Habitations abandonnées après expropriation, tout près du port de plaisance.Dès 1999, les habitants qui le désiraient pouvaient se faire exproprier. Les maisons expropriées passaient aux mains de la Maatschappij voor Grond- en Industrialisatiebeleid van het Linkerscheldeoevergebied (Société de gestion foncière et d’industrialisation de la Rive gauche de l’Escaut, en abrégé Maatschappij Linkeroever), cependant les habitants expropriés bénéficiaient d’un droit d’habitation, garanti initialement jusqu’au 1er janvier 2007. Fin 2006, l’administration fit savoir aux habitants que le droit d’habitation serait prorogé de manière provisoire.

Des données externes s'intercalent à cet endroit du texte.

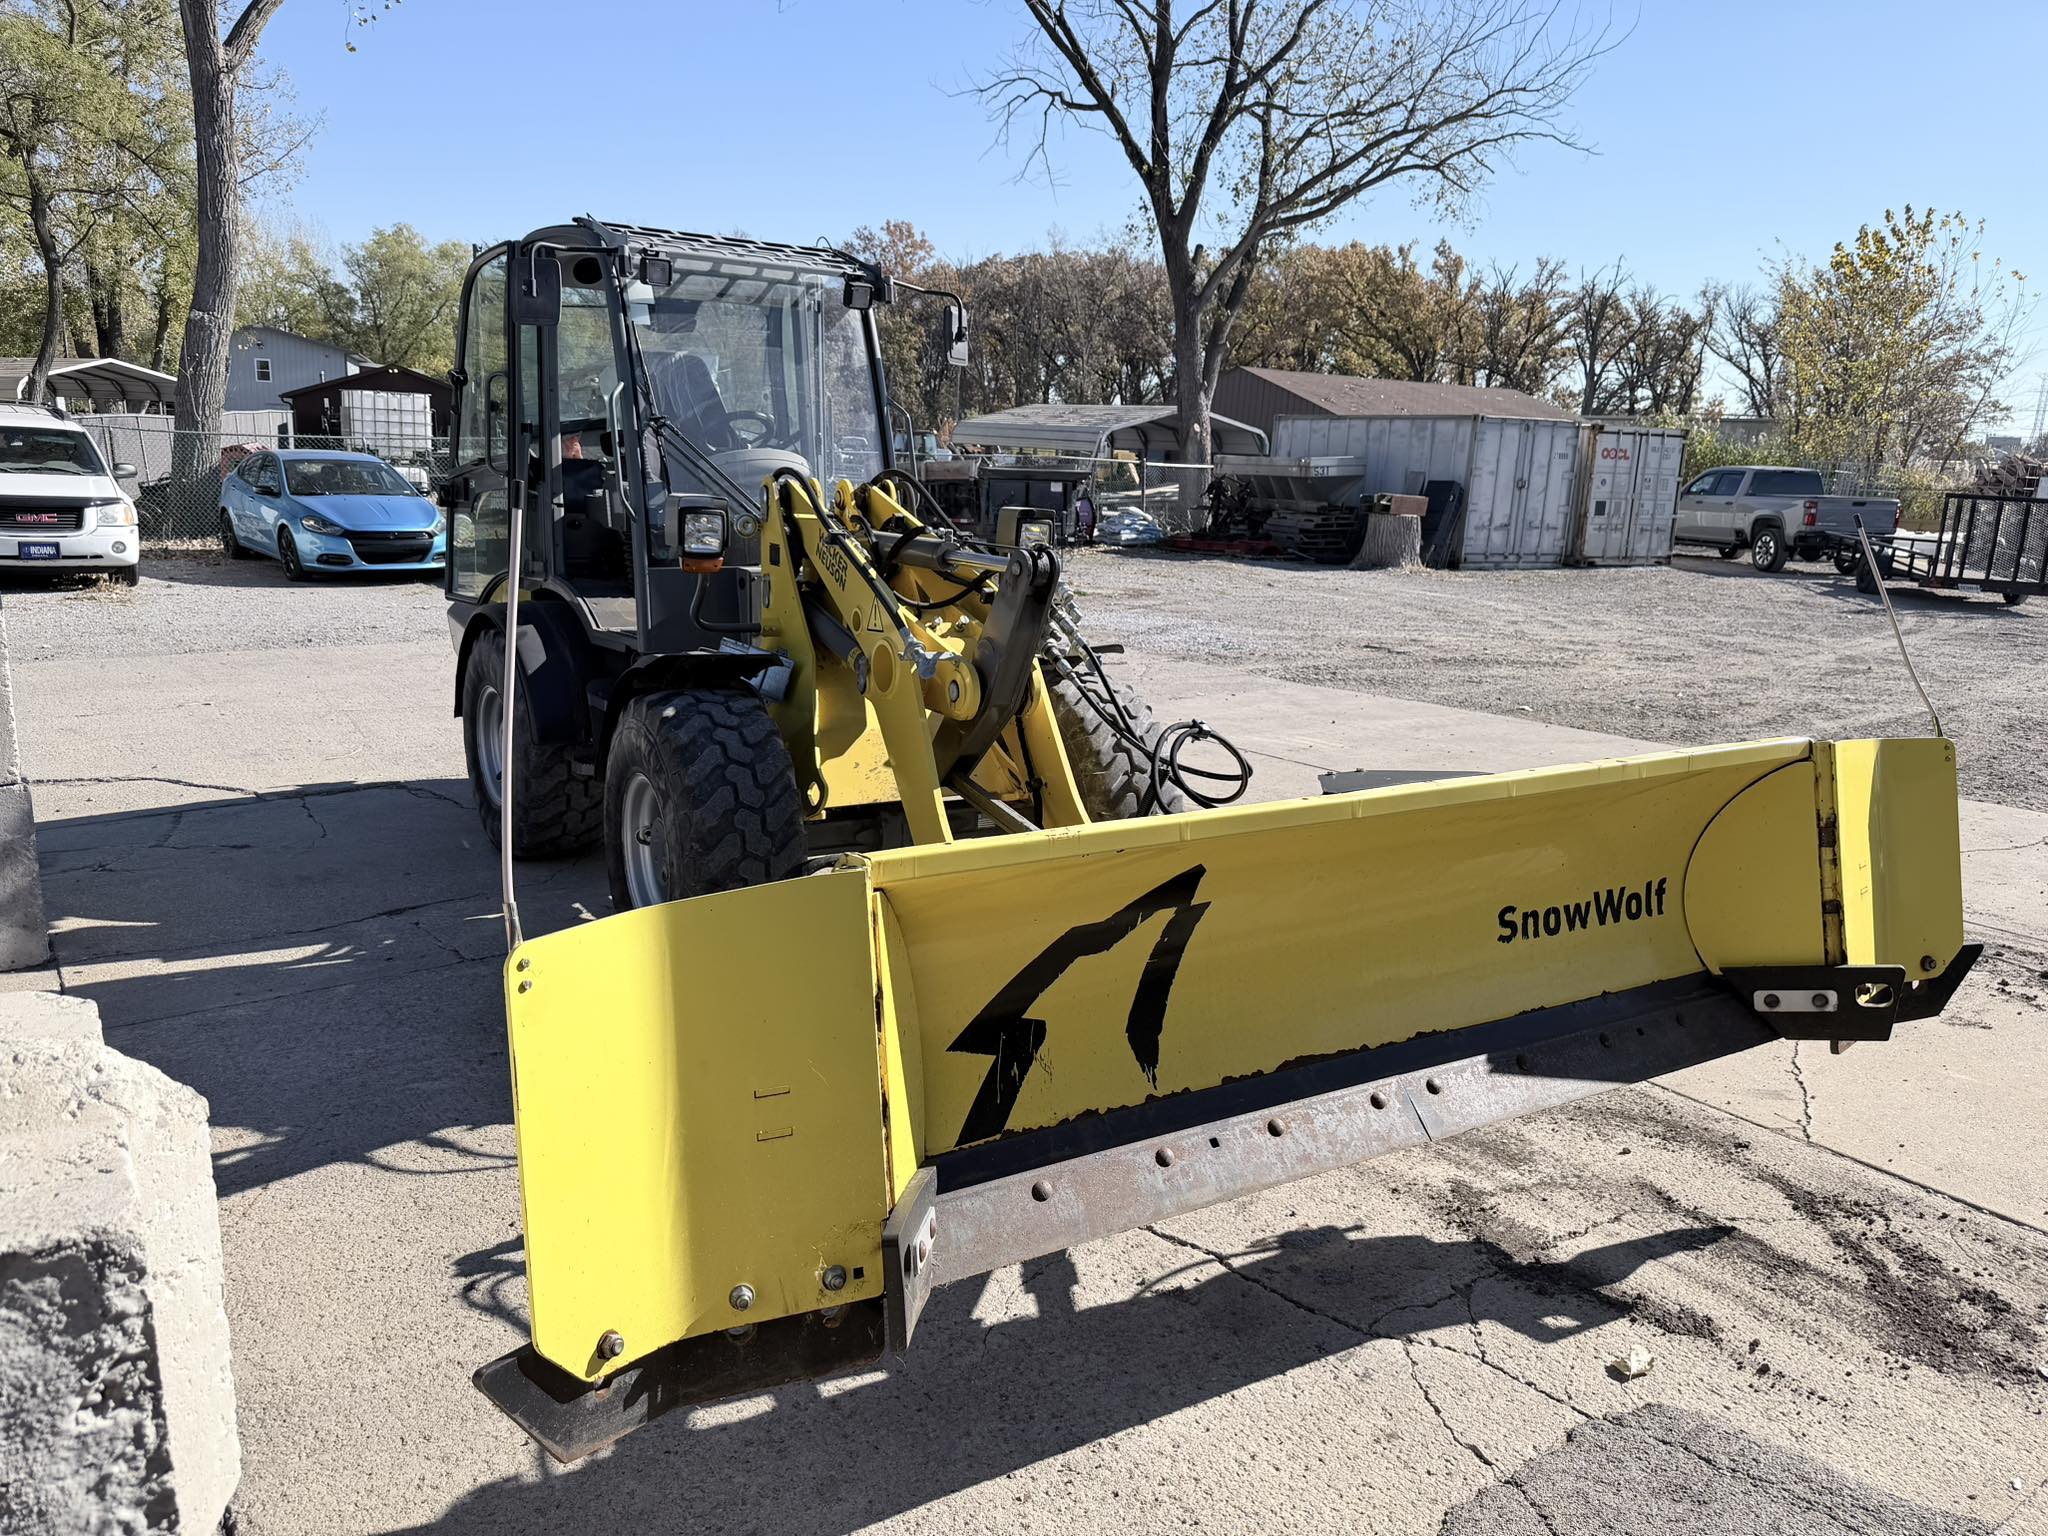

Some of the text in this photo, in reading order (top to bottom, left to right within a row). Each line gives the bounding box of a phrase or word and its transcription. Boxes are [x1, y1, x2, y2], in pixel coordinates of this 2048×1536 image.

En même temps fut nommé en 1999 un médiateur social, chargé de mettre à exécution le plan d’accompagnement social et d’assister les habitants qui quittent le village volontairement. Le 31 décembre 2003, ce plan social vint à son terme. Cette manière de procéder a permis de rendre exsangue, en seulement quelques années et sans coup férir, une grande partie du village: le 1er mai 2003 ne vivaient plus dans le centre de Doel que 214 des 645 habitants qui étaient inscrits au 20 janvier 1998. Le chiffre de population réel dans le centre s’élevait toutefois, au 1er mai 2003, à 301. Le 1er septembre 2003, l’école communale fut fermée après constatation que seuls 8 élèves s’y étaient inscrits.

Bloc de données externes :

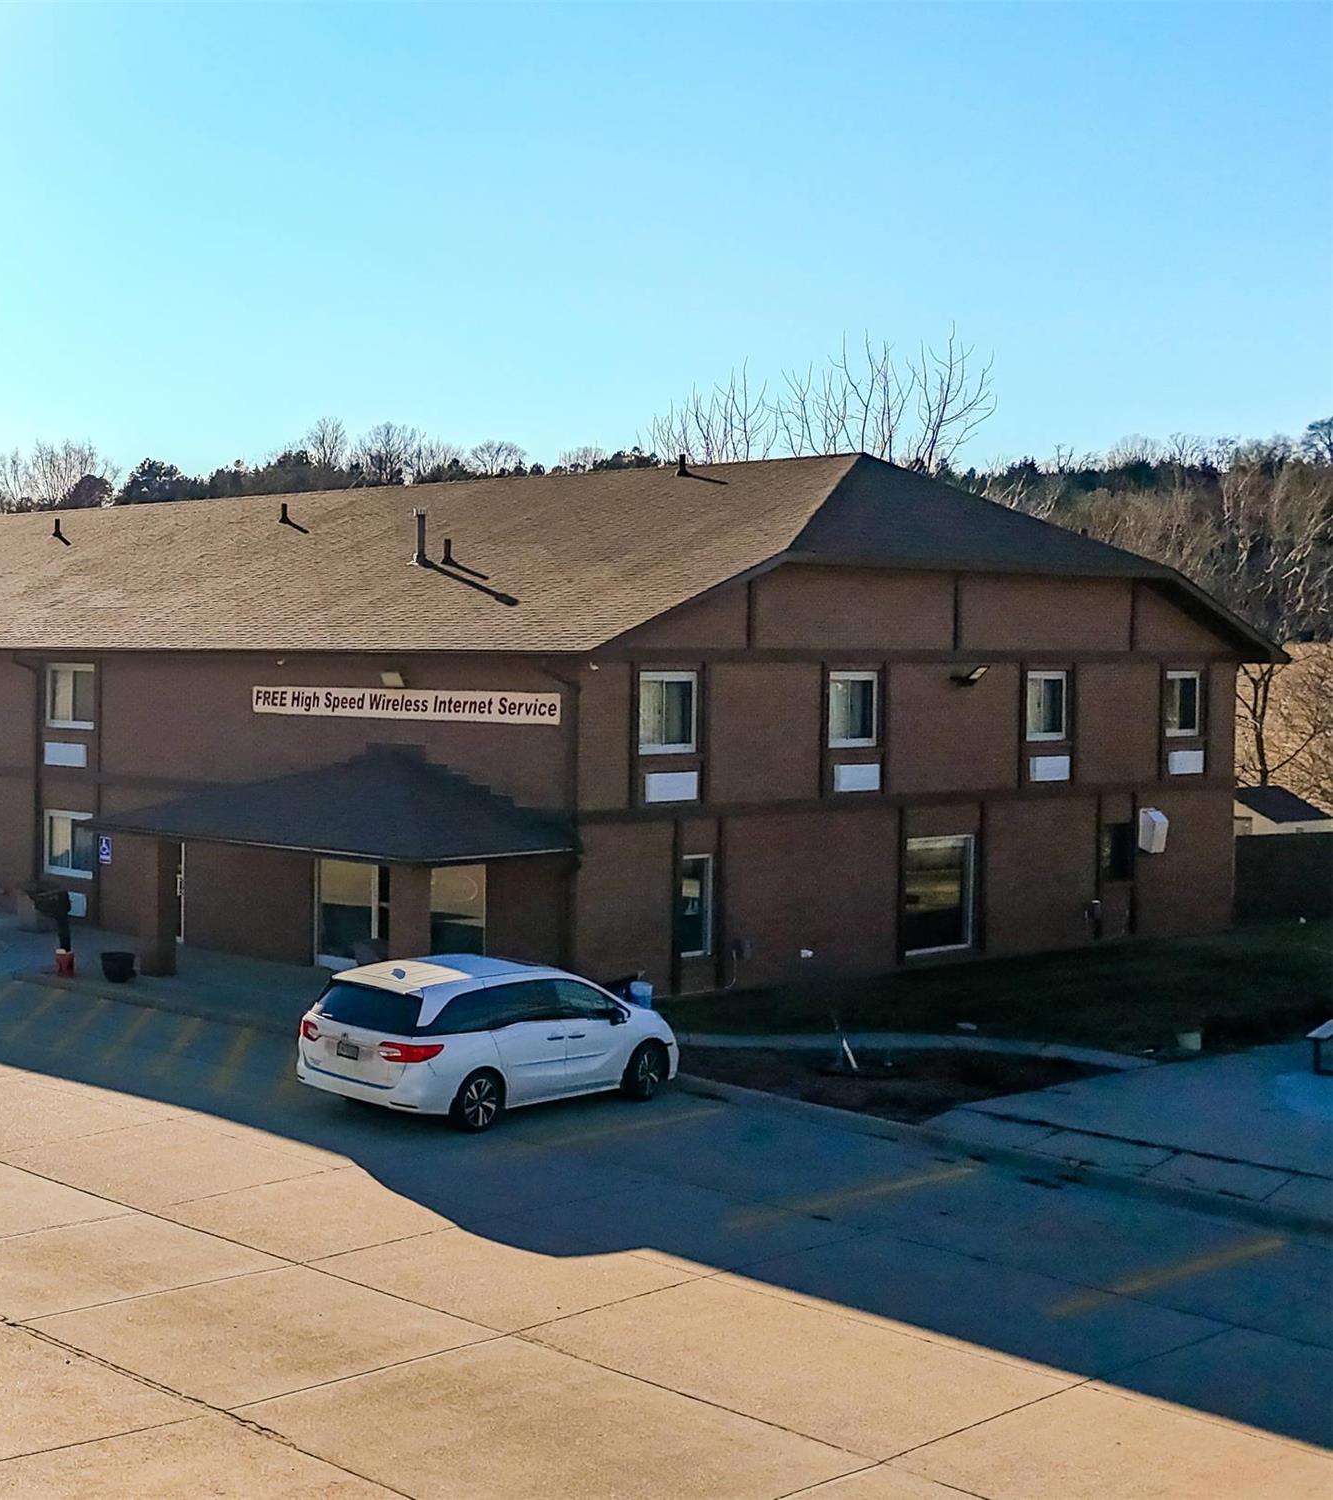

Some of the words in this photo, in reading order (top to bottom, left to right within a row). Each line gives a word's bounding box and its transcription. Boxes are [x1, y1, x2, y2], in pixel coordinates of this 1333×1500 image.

[255, 690, 288, 707] FREE
[291, 691, 320, 712] High
[324, 692, 366, 713] Speed
[369, 693, 429, 713] Wireless
[433, 695, 493, 715] Internet
[498, 697, 558, 717] Service

Depuis lors, si le nombre d’habitants officiel a poursuivi sa baisse (plus que 202 en mars 2006), le nombre réel s’est progressivement accru. Cela s’explique, pour petite partie, par l’arrivée de nouveaux locataires dans certaines maisons expropriées, et pour majeure partie par le fait que des squatteurs avaient occupé les immeubles vacants (les estimations se situent entre 150 et 200). Cet état de choses fut longtemps toléré par la Société propriétaire des maisons vacantes et par la municipalité de Beveren.

Début 2006, les médias se sont de nouveau intéressés à Doel en raison du grand nombre de squatteurs. Cela concourut à répandre dans le public l’idée que Doel s’était dans une certaine mesure muée en une zone de non-droit, où l’on pouvait sans problème s’approprier un logement vacant, ce qui, à son tour, eut pour effet d’attirer de nouveaux squatteurs et de provoquer une vague de cambriolages. Le 22 mars 2006, le bourgmestre (=maire) de Beveren annonça que les contrôles de police seraient intensifiés à Doel et que la tolérance zéro serait dorénavant en vigueur et toute activité illégale réprimée. Certains squatteurs cependant demandent à régulariser leur situation.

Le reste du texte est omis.